-- Problem to work on --
Repeat the records exactly as given. Do not include the pictures.
◆ ◆ ◆ ◆
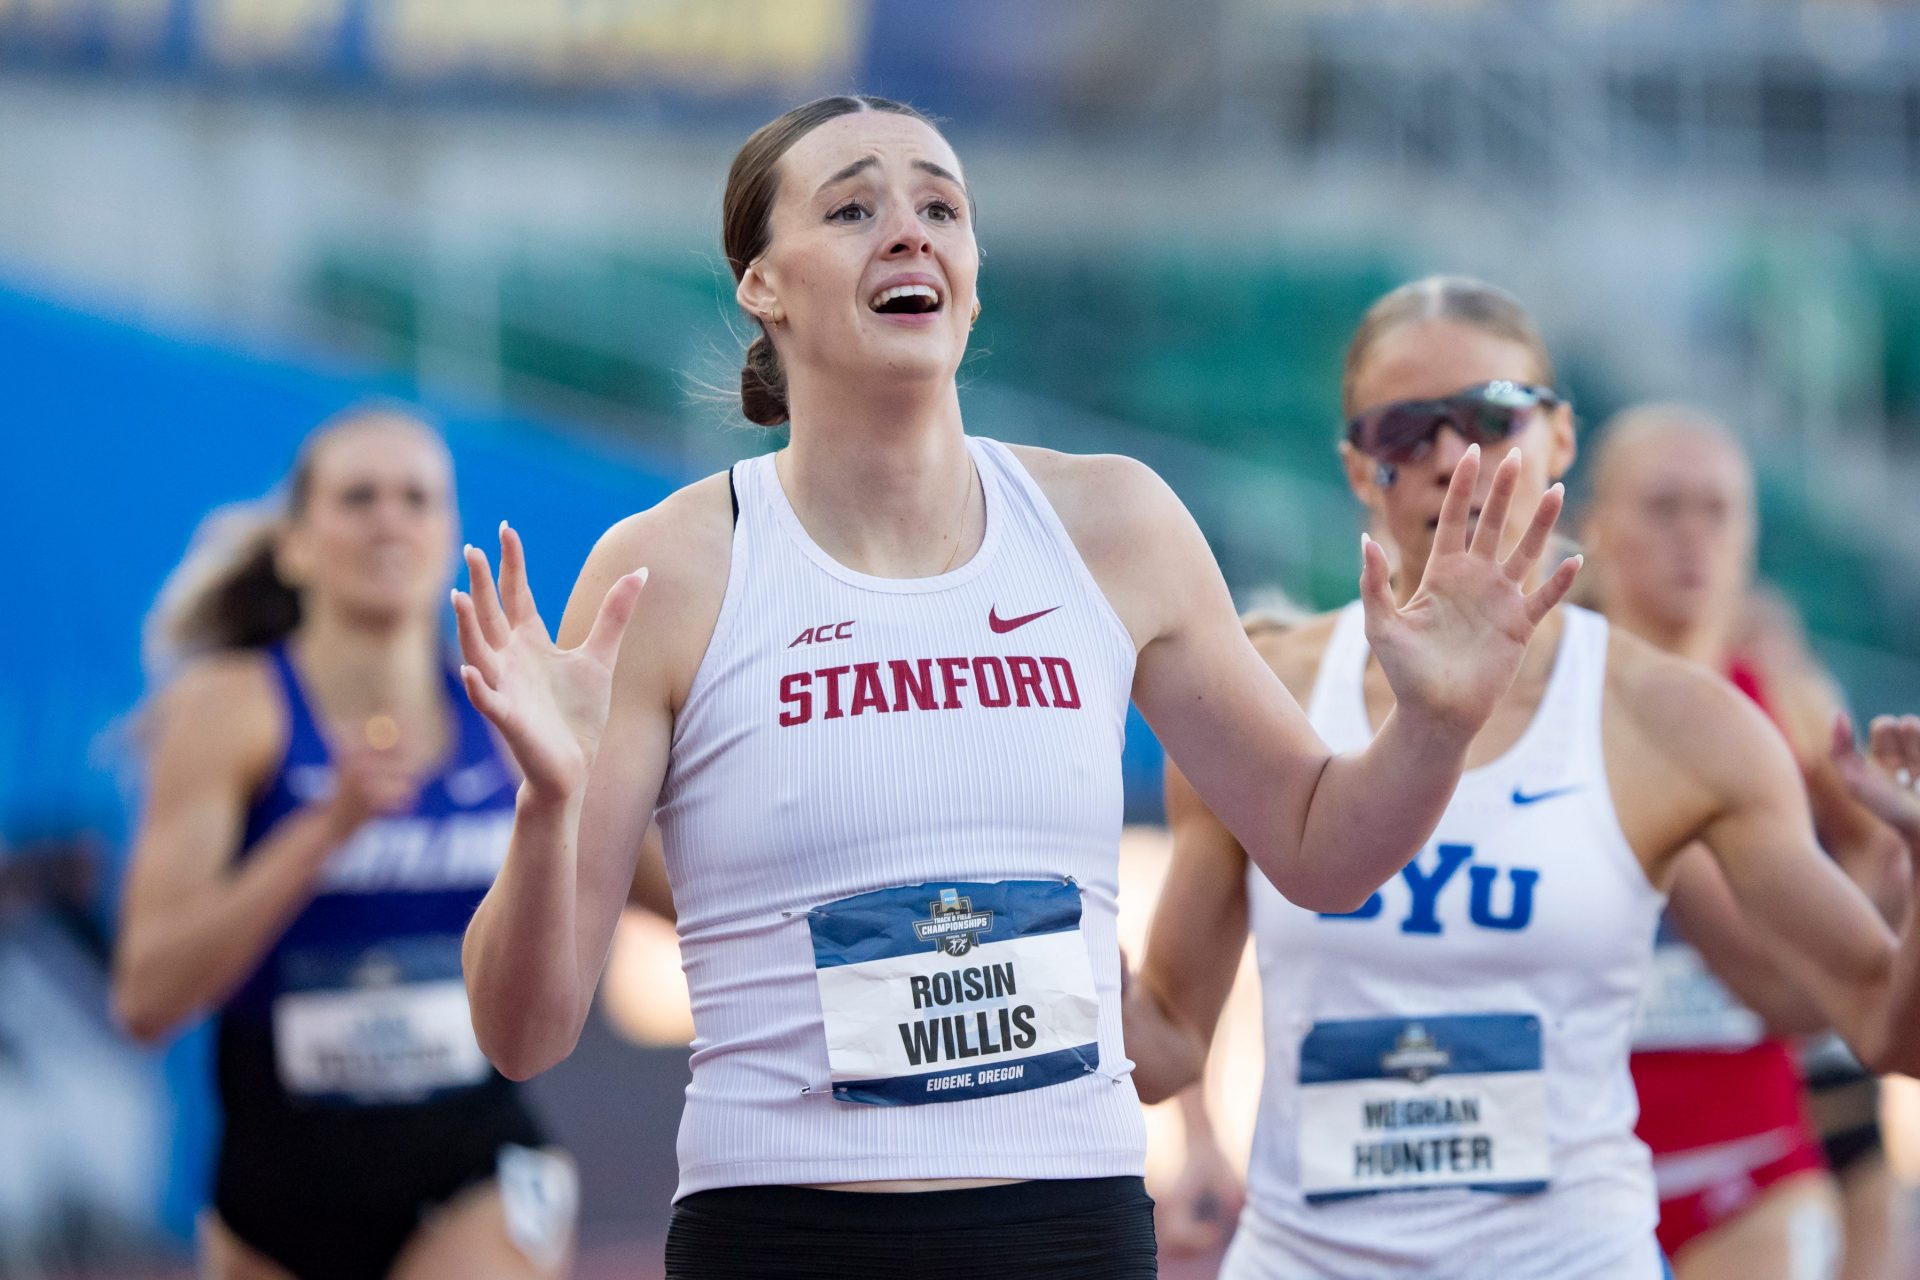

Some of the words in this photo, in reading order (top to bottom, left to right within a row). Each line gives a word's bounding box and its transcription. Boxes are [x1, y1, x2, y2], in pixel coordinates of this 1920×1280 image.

[787, 620, 856, 648] ACC
[778, 655, 1082, 728] STANFORD
[1316, 843, 1540, 935] YU
[921, 917, 987, 935] CHAMPIONSHIPS
[934, 916, 951, 925] TRACK
[910, 962, 1017, 1009] ROISIN
[898, 1005, 1037, 1066] WILLIS
[926, 1073, 975, 1092] EUGENE,
[978, 1065, 1024, 1085] OREGON
[1354, 1136, 1494, 1177] HUNTER
◆ ◆ ◆ ◆
-- Exercise answer --
Some of the words in this photo, in reading order (top to bottom, left to right within a row). Each line gives a word's bounding box and its transcription. Boxes are [x1, y1, x2, y2], in pixel coordinates of this 1920×1280 image.

[787, 620, 856, 648] ACC
[778, 655, 1082, 728] STANFORD
[1316, 843, 1540, 935] YU
[921, 917, 987, 935] CHAMPIONSHIPS
[934, 916, 951, 925] TRACK
[910, 962, 1017, 1009] ROISIN
[898, 1005, 1037, 1066] WILLIS
[926, 1073, 975, 1092] EUGENE,
[978, 1065, 1024, 1085] OREGON
[1354, 1136, 1494, 1177] HUNTER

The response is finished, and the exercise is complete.